Collected data
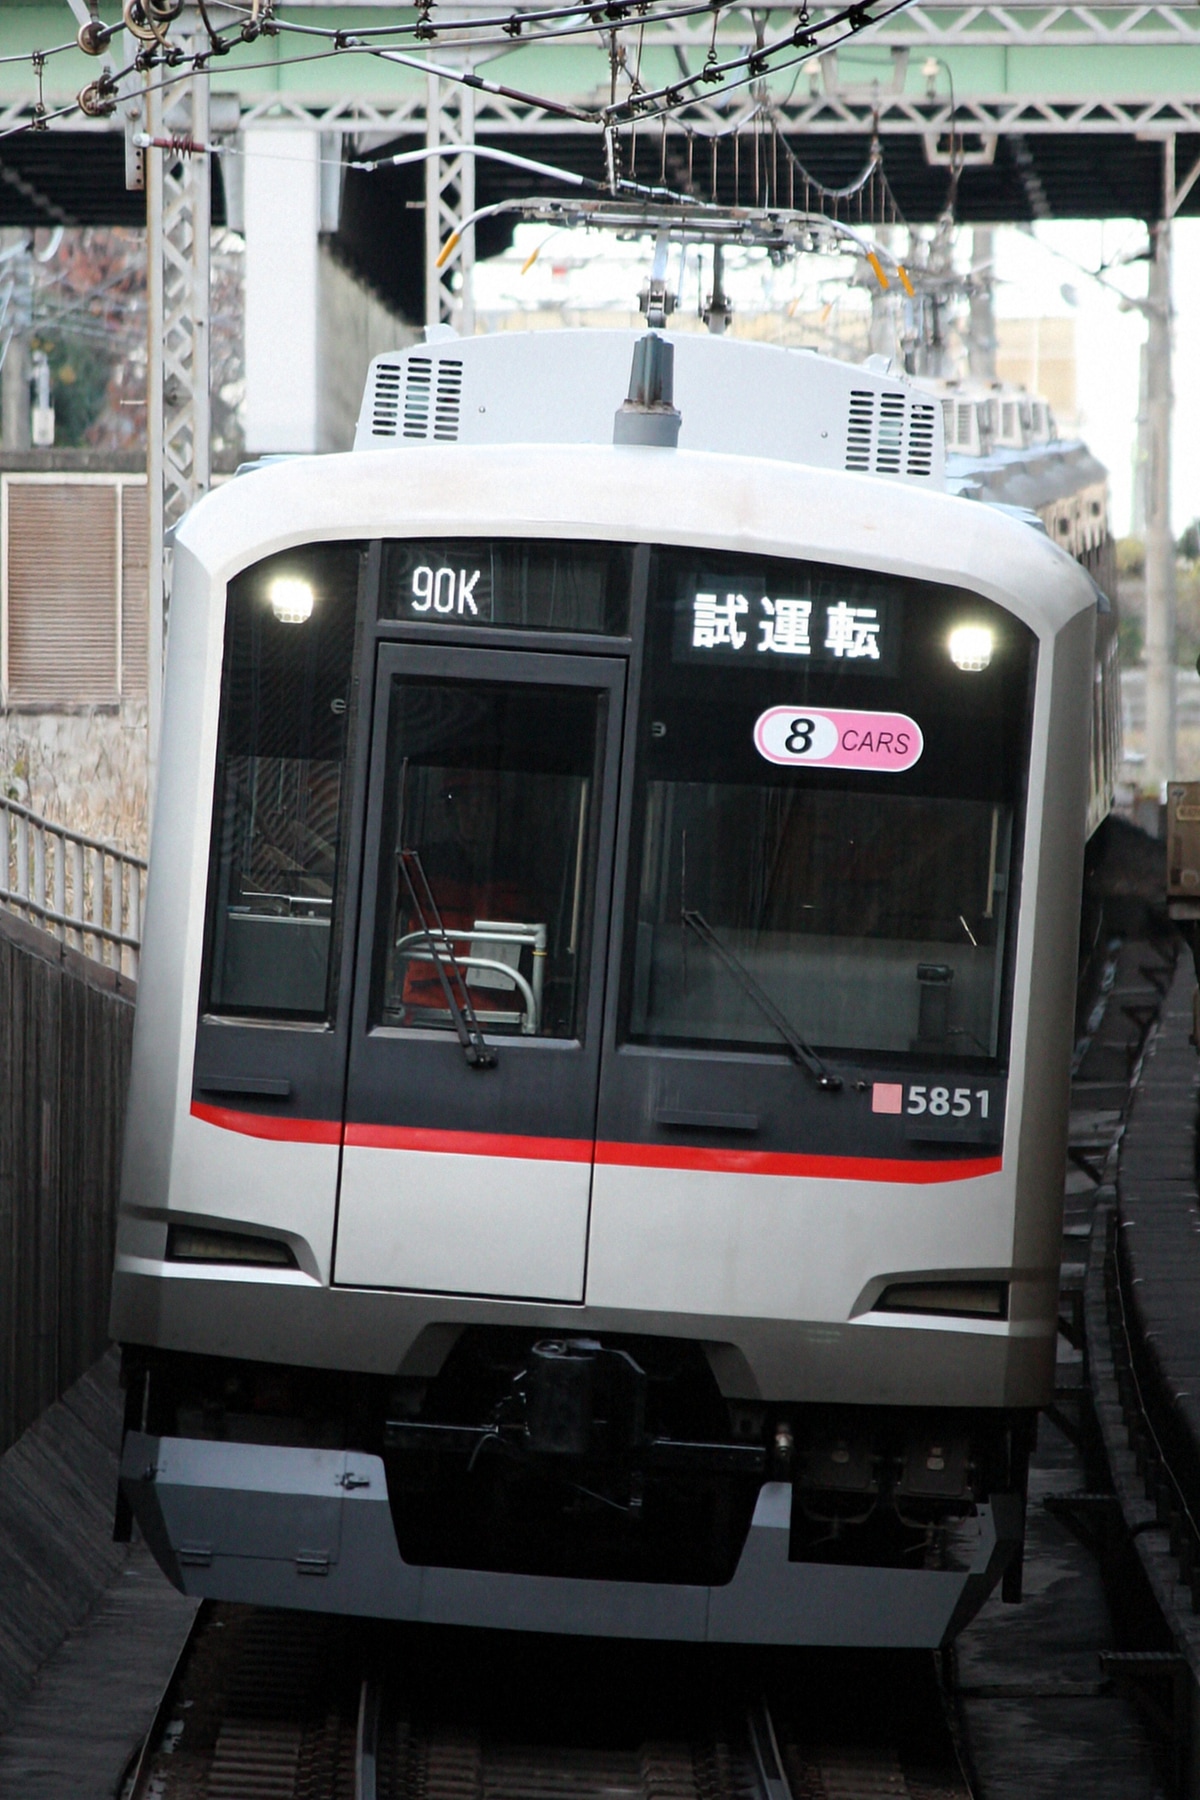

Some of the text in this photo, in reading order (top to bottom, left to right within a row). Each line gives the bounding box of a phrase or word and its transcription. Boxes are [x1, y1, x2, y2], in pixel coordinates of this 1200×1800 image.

[411, 566, 481, 616] 90K
[692, 593, 880, 660] 試運転
[785, 718, 911, 755] 8 CARS
[907, 1085, 989, 1119] 5851
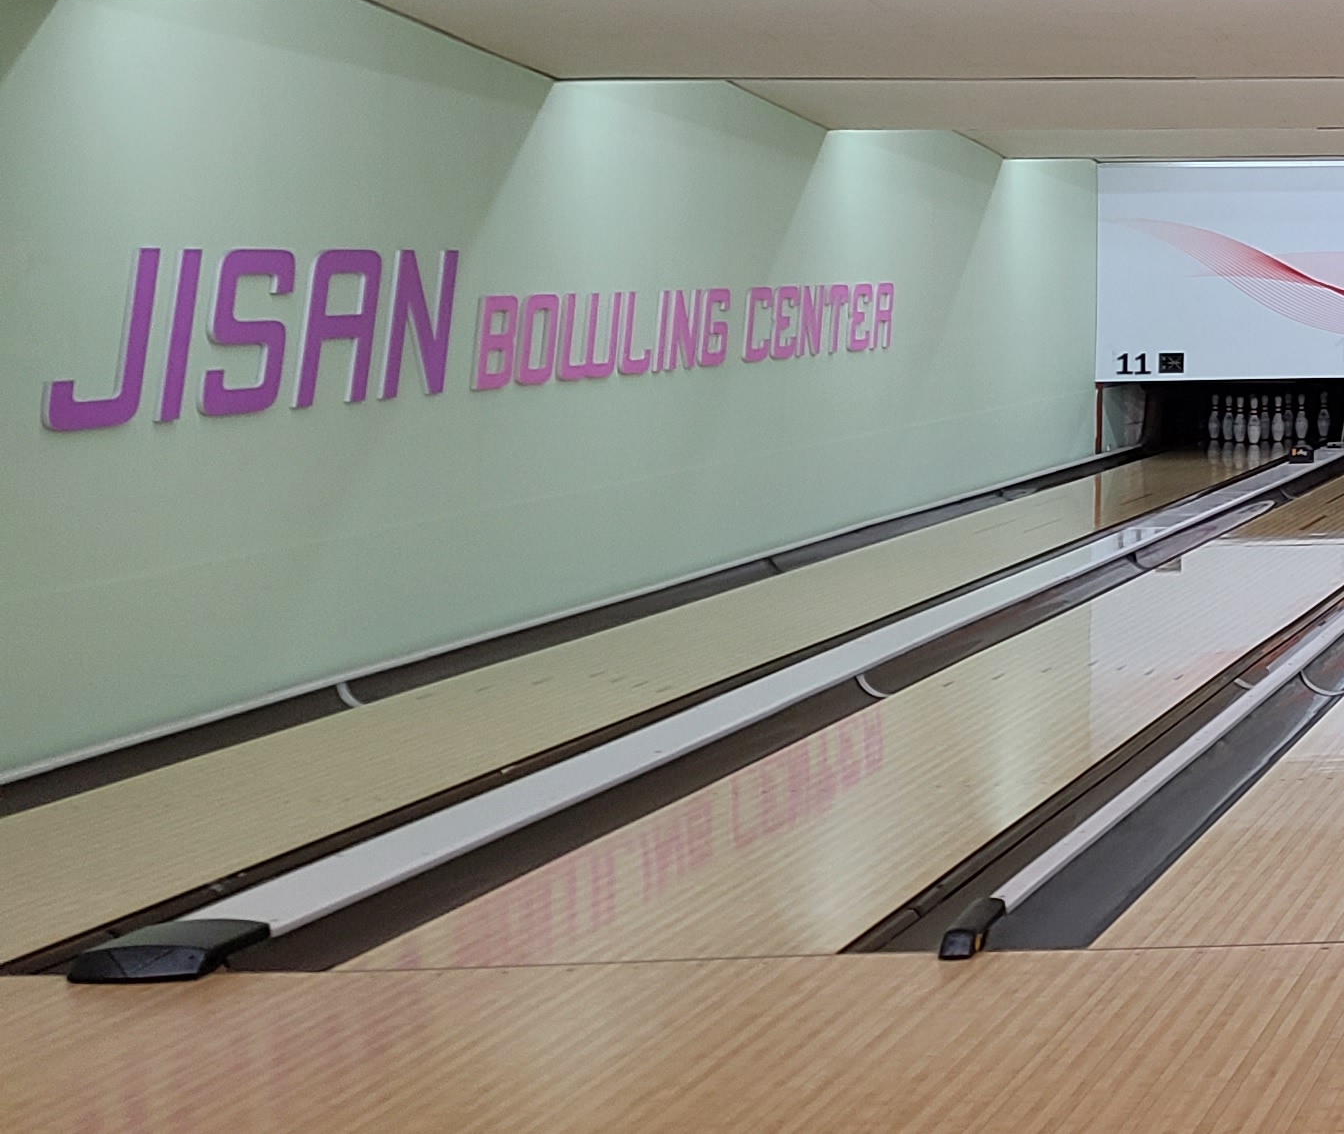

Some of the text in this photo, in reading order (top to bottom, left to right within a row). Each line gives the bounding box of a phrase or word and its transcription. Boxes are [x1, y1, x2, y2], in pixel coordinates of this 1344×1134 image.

[40, 248, 895, 432] JISAN BOWLING CENTER
[1115, 352, 1152, 375] 11
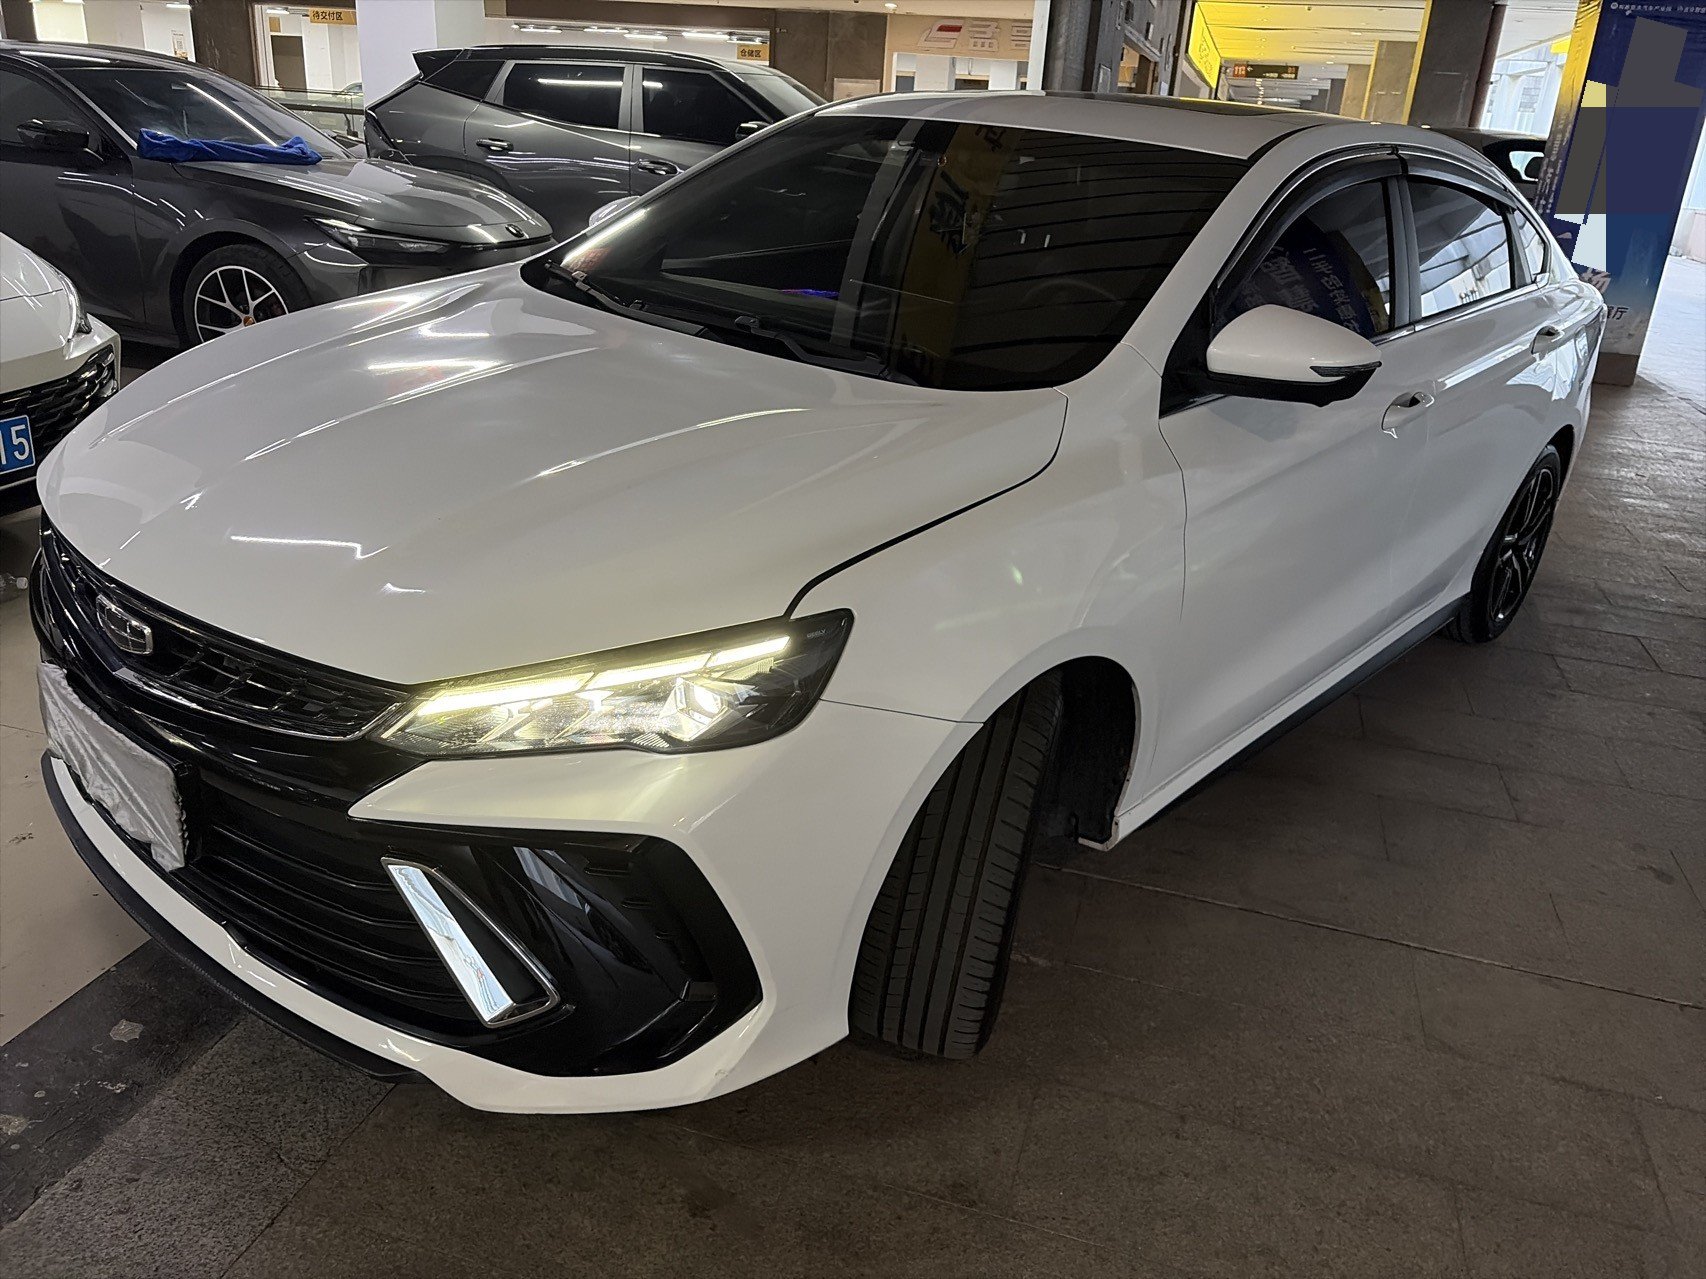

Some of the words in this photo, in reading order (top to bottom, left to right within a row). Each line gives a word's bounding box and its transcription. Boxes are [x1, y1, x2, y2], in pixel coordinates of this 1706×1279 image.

- _Your instructions_
Output the data above exactly, excluding images.

- _Response for this exercise_
Some of the text in this photo, in reading order (top to bottom, left to right within a row). Each line gives the bounding box of a phrase or word and its transcription. Boxes are [x1, y1, x2, y2], in pixel coordinates of this 1200×1800 image.

[411, 566, 481, 616] 90K
[692, 593, 880, 660] 試運転
[785, 718, 911, 755] 8 CARS
[907, 1085, 989, 1119] 5851

Some of the text in this photo, in reading order (top to bottom, left to right within a row). Each line gives the bounding box of a phrase or word and its transcription. Boxes are [x1, y1, x2, y2], in pixel coordinates of this 1344×1134 image.

[40, 248, 895, 432] JISAN BOWLING CENTER
[1115, 352, 1152, 375] 11

Some of the words in this photo, in reading order (top to bottom, left to right within a row). Each line gives a word's bounding box and its transcription. Boxes are [x1, y1, x2, y2], in pixel coordinates of this 1706×1279 image.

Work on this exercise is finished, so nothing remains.